We’re tremendously excited by the publication of our latest report, AgroEcoTech: How can Technology Accelerate a Transition to Agroecology, which we produced for the Soil Association. Following the recent publication of the National Food Strategy, the report examines how technology such as robotics, cultured meat, remote sensing and genome editing can support a shift towards more diverse and sustainable food systems. It further explores how these technologies can play a role in creating systems that nurture and utilise natural processes to remain productive.
The report identifies the risks associated with burgeoning technologies and particularly those that could lock farmers into environmentally, socially and economically detrimental practises. It concludes by presenting recommendations for how decision makers can influence the application of technologies to avoid unsustainable intensification and enhance a transition to agroecology.
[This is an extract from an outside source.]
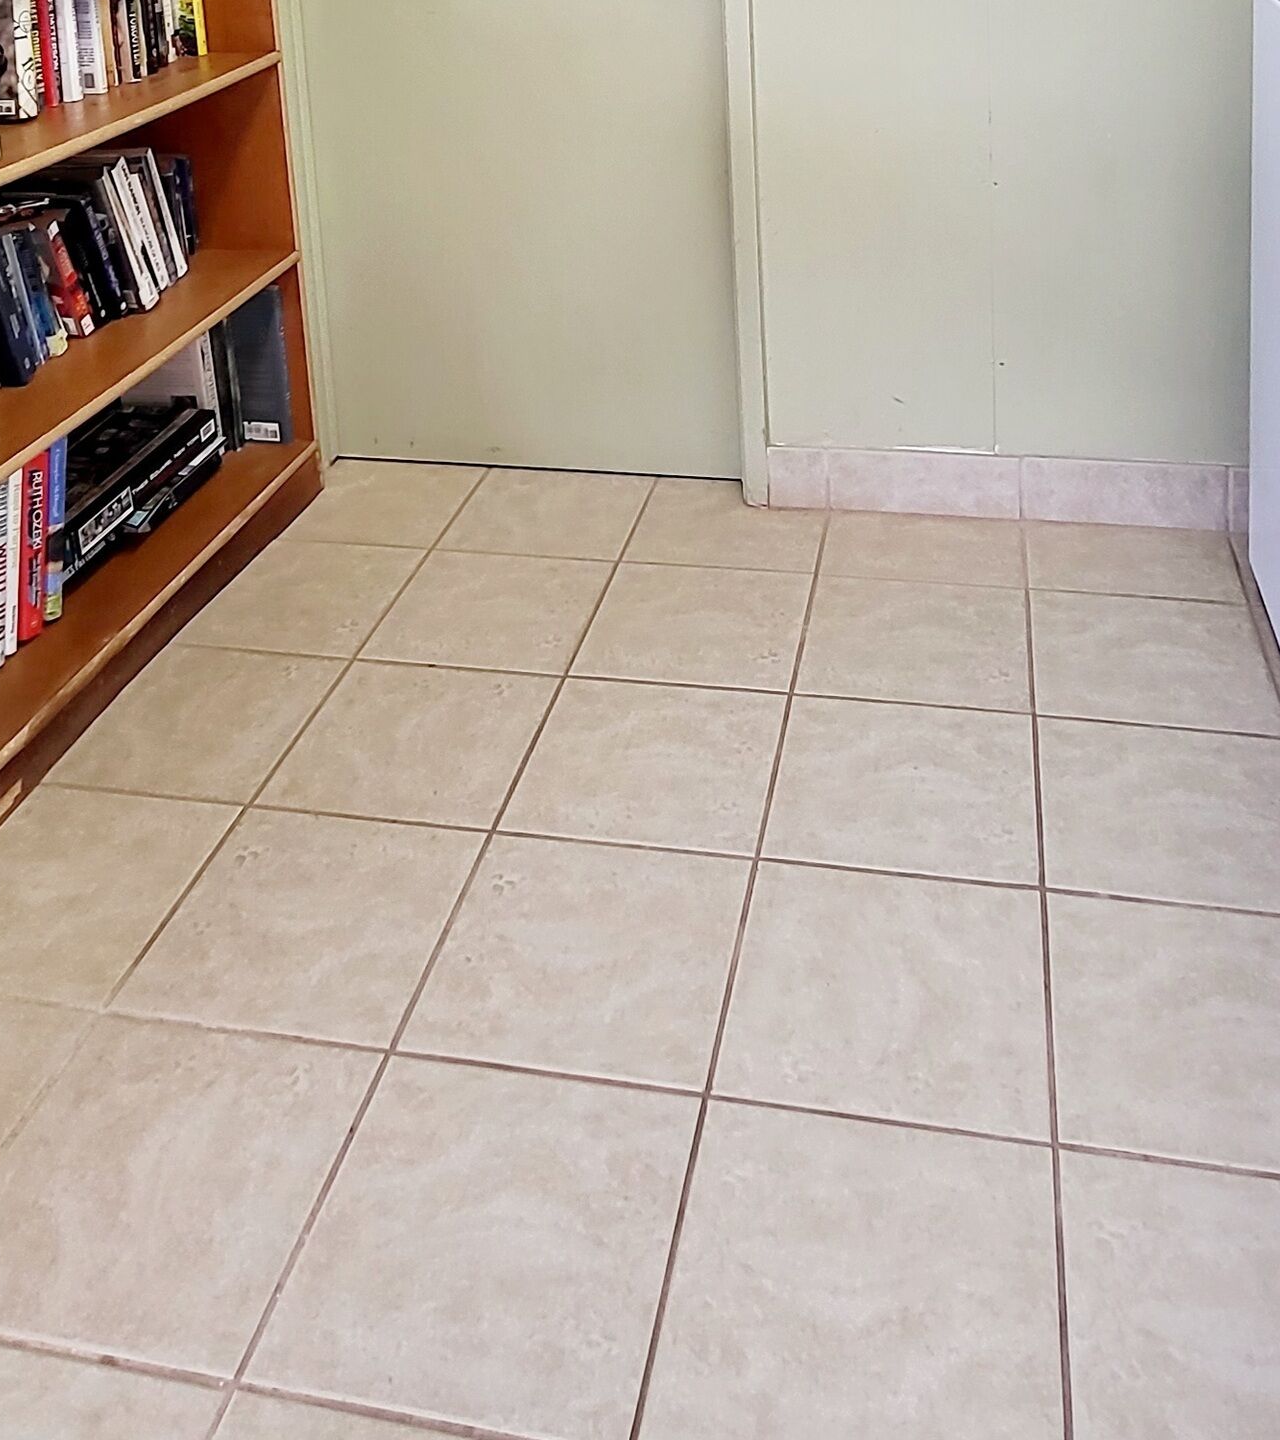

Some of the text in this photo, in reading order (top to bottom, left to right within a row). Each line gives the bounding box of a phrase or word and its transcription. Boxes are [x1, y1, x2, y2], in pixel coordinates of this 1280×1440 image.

In the foreword to the report, the Soil Association states; “It is clearer than ever from the findings of this research that few technologies are inherently ‘good’ or ‘evil’. It is how they are developed and used that matters. Technologies can and will accelerate the transition to agroecology that we so urgently need, but only if we get the governance right.”
The report’s authors argue that agroecological systems have not been well served by the application of labour reducing technologies. Helen Browning, Group CEO of the Soil Association, says; “We have ripped out hedgerows and compacted our soil with heavy machinery to make farming work for tech. Now we need to make tech work for farming”.
It is obvious that there is a pressing need to realign technologies to work with diverse, sustainable food systems instead of suppressing them and this report aims to stimulate a discussion around how this could be achieved. George Chanarin of Cumulus Consultants, said; “This report reveals the need to work collaboratively and inclusively to define and communicate the future farming systems we want to work towards. Only then can we design and develop the technologies needed to make those systems a reality”.